Return the data exactly, apart from leaving out the pictures.

Dataset:
# # # #

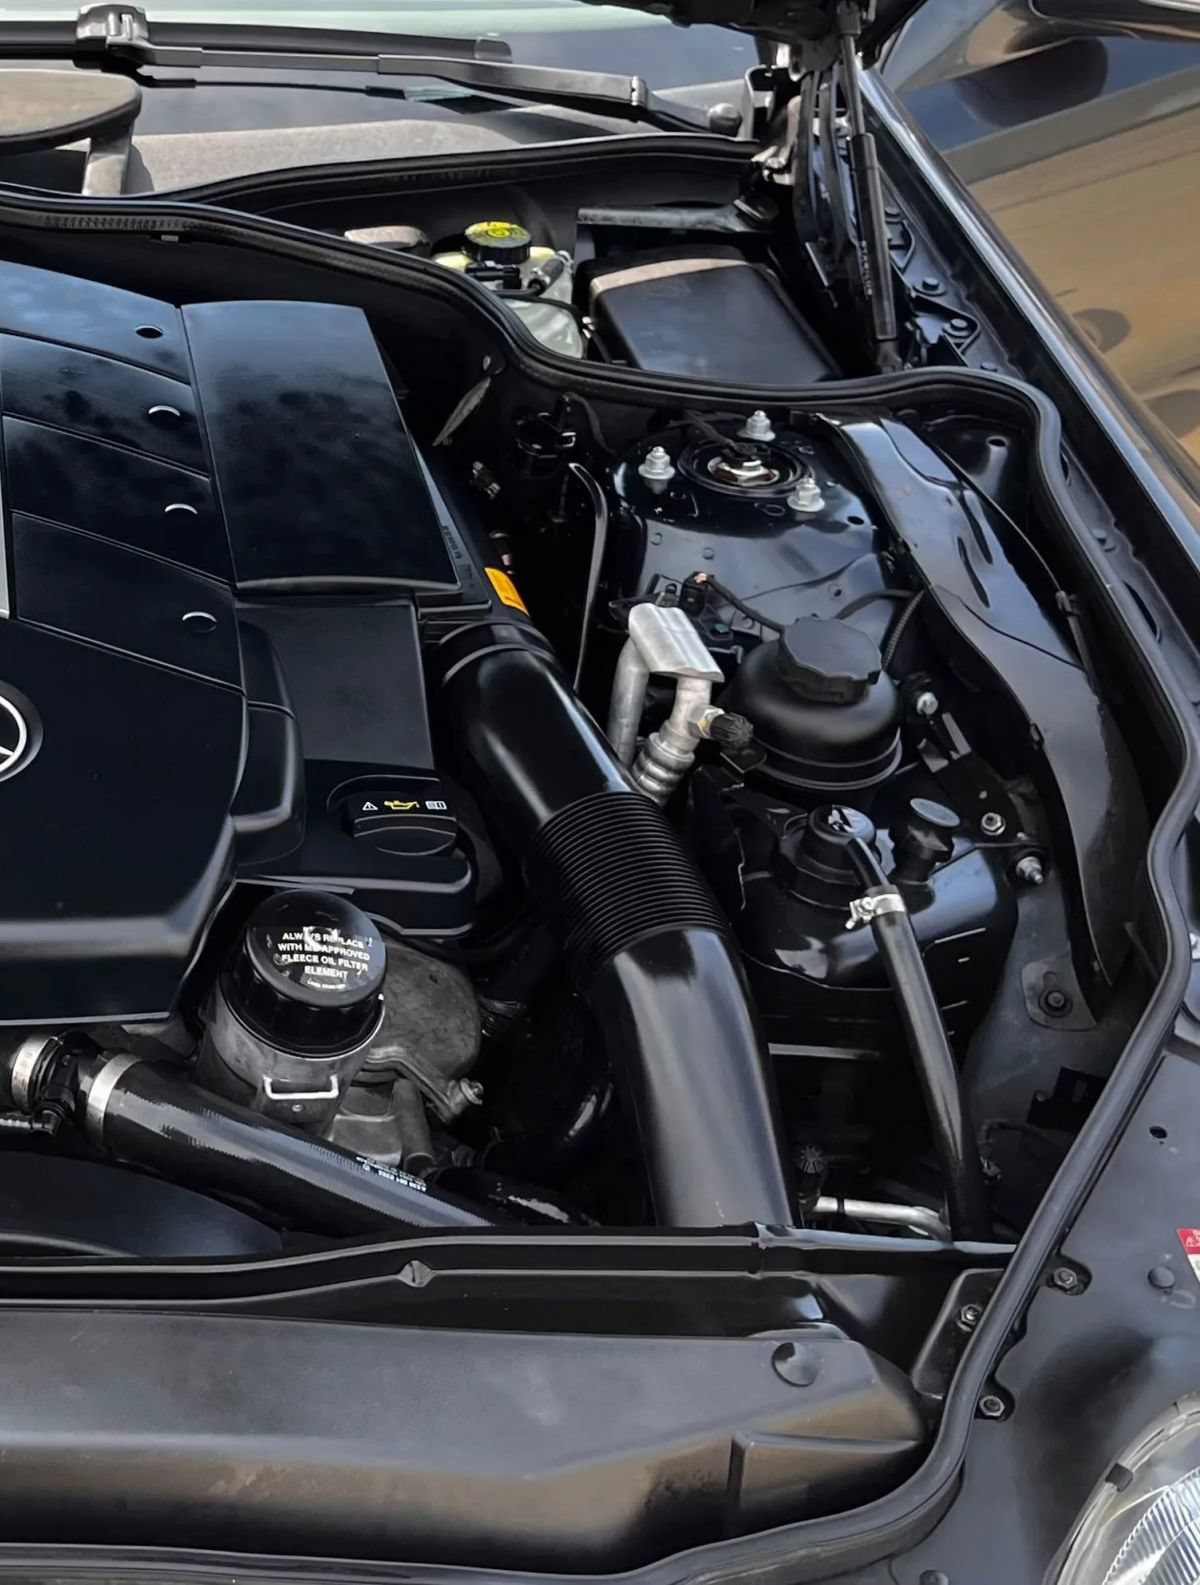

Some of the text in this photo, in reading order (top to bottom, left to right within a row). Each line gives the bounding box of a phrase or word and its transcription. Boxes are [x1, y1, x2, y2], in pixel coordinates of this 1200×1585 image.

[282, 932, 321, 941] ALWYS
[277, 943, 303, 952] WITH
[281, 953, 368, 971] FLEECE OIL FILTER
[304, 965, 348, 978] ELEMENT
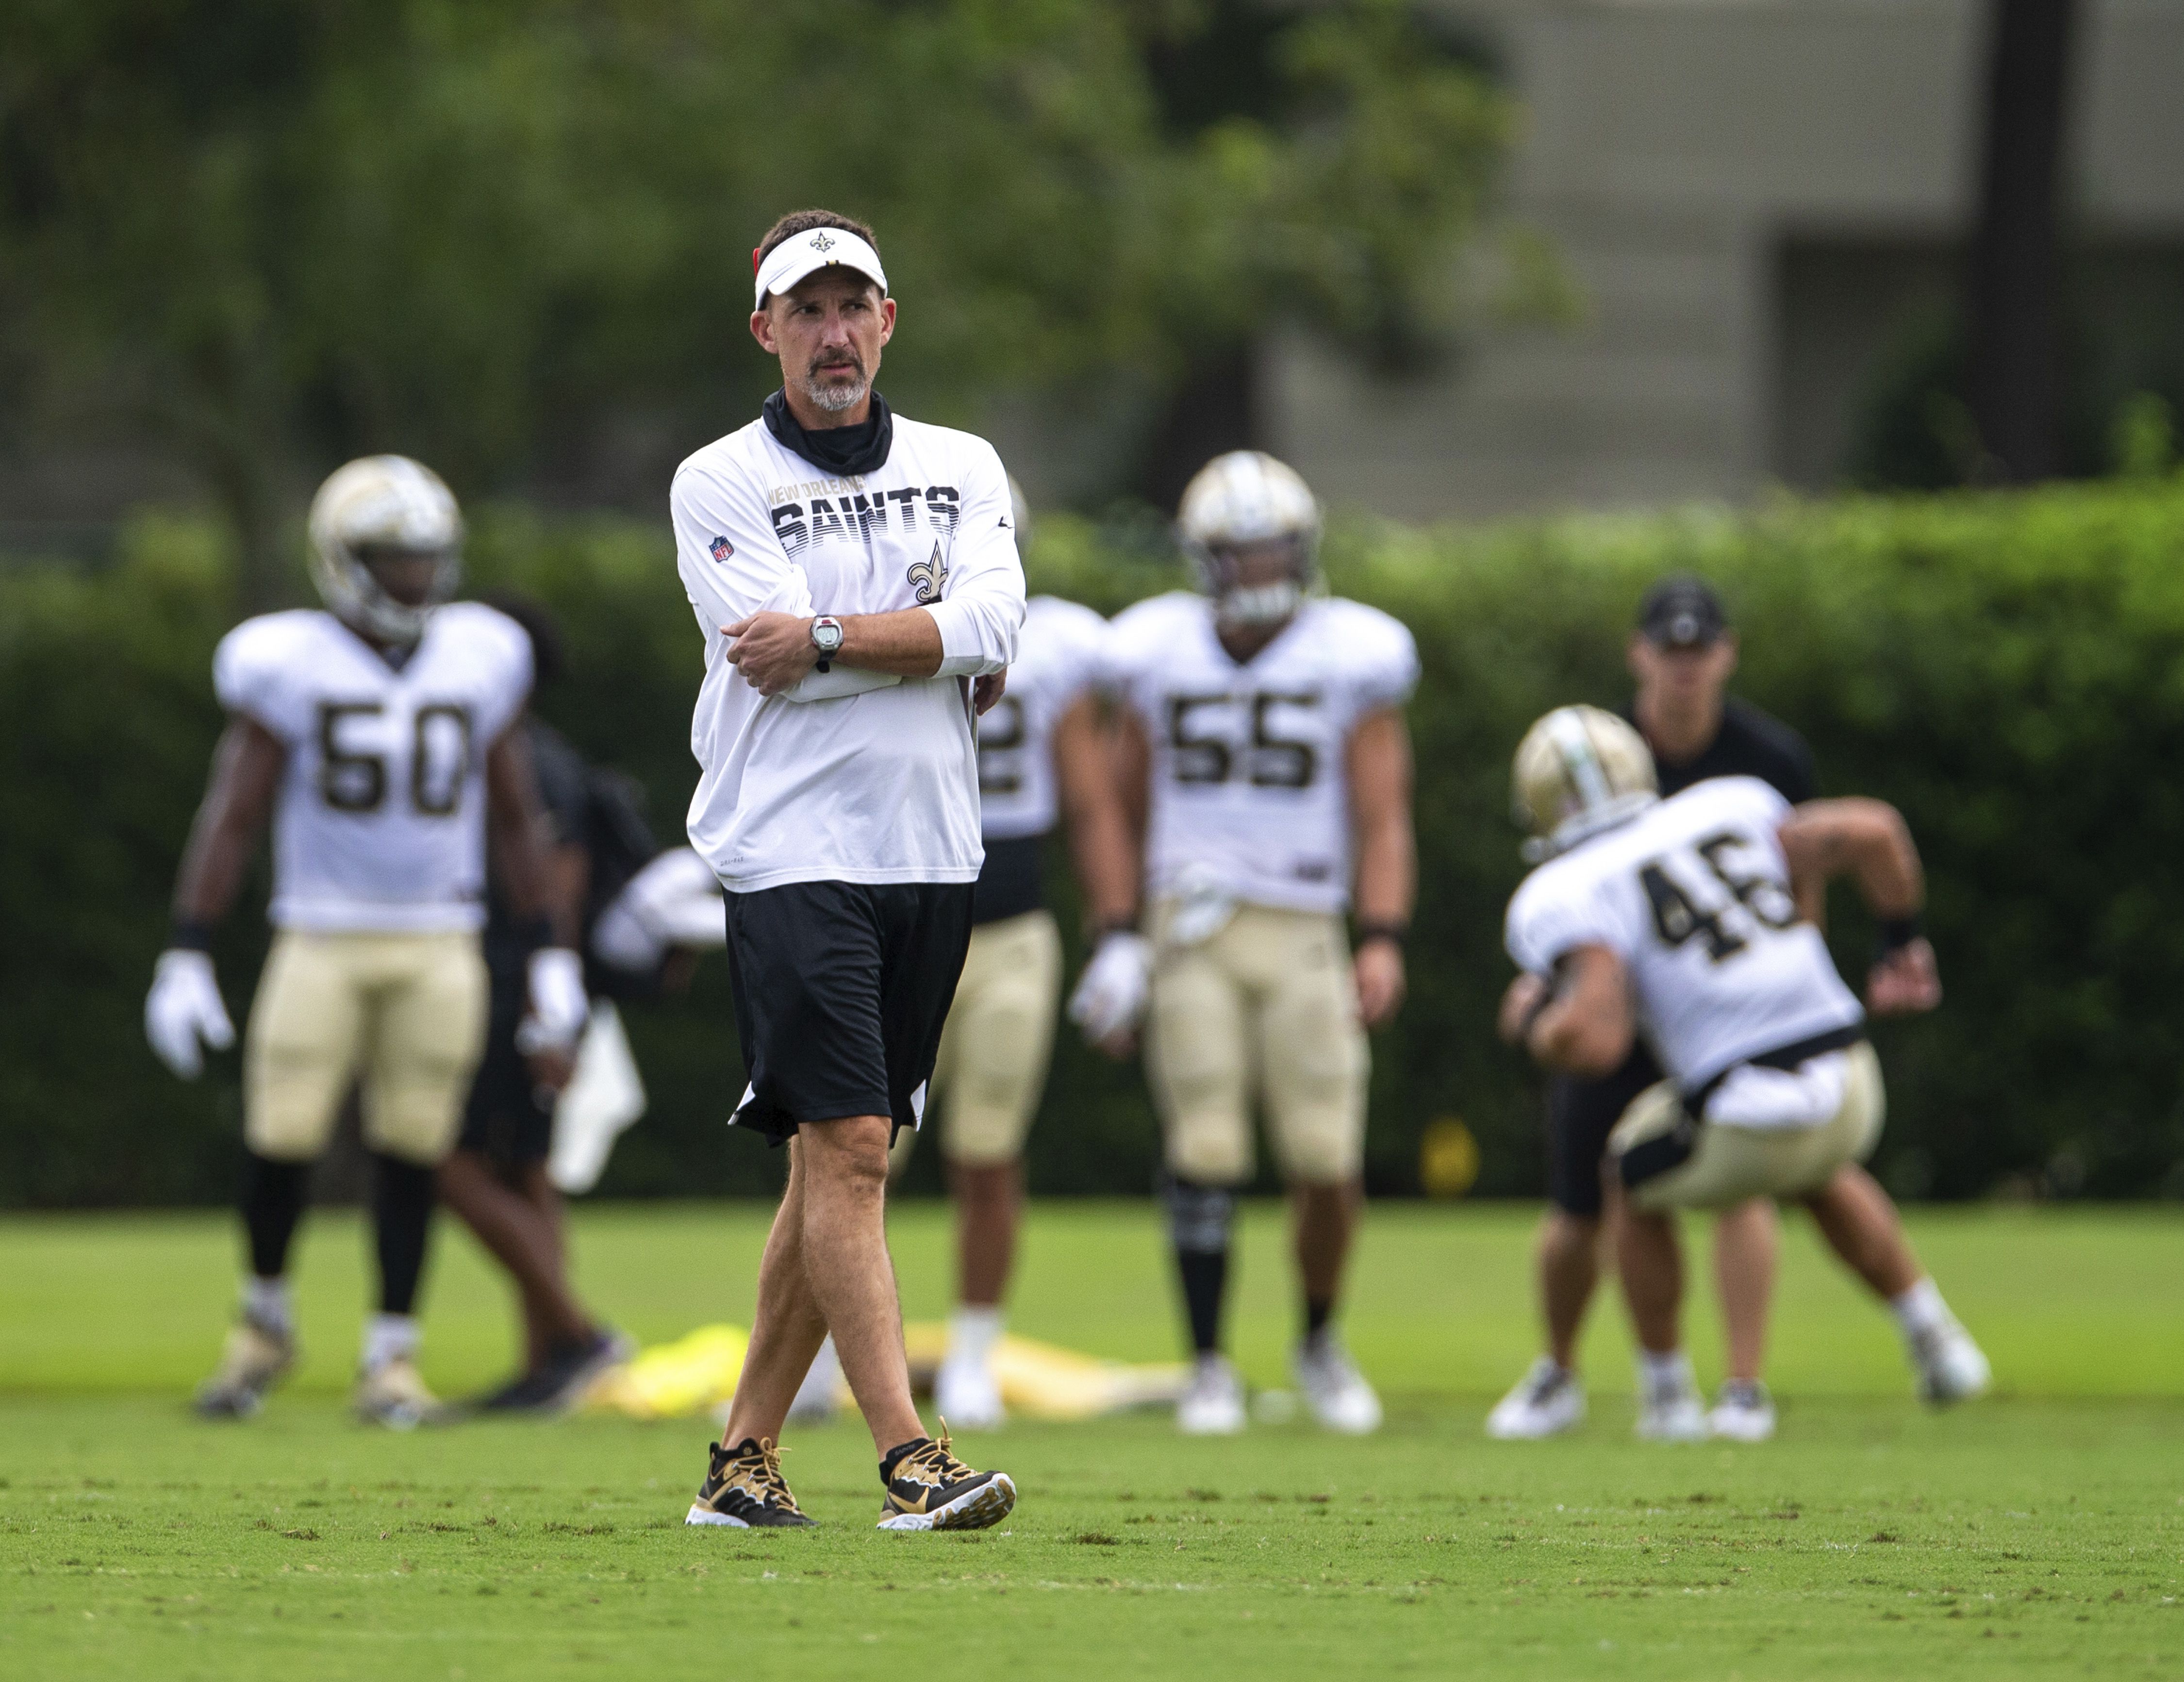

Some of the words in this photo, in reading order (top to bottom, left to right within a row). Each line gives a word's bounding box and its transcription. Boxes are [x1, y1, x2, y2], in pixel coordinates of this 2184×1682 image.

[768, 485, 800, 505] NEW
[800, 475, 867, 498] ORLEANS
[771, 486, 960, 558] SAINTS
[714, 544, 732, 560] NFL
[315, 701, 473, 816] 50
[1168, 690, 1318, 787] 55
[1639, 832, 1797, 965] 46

# # # #

Task result:
Some of the text in this photo, in reading order (top to bottom, left to right within a row). Each line gives the bounding box of a phrase or word and its transcription. Boxes are [x1, y1, x2, y2], in pixel coordinates of this 1200×1585 image.

[282, 932, 321, 941] ALWYS
[277, 943, 303, 952] WITH
[281, 953, 368, 971] FLEECE OIL FILTER
[304, 965, 348, 978] ELEMENT

Some of the words in this photo, in reading order (top to bottom, left to right within a row). Each line gives a word's bounding box and its transcription. Boxes are [x1, y1, x2, y2], in pixel coordinates of this 2184×1682 image.

[768, 485, 800, 505] NEW
[800, 475, 867, 498] ORLEANS
[771, 486, 960, 558] SAINTS
[714, 544, 732, 560] NFL
[315, 701, 473, 816] 50
[1168, 690, 1318, 787] 55
[1639, 832, 1797, 965] 46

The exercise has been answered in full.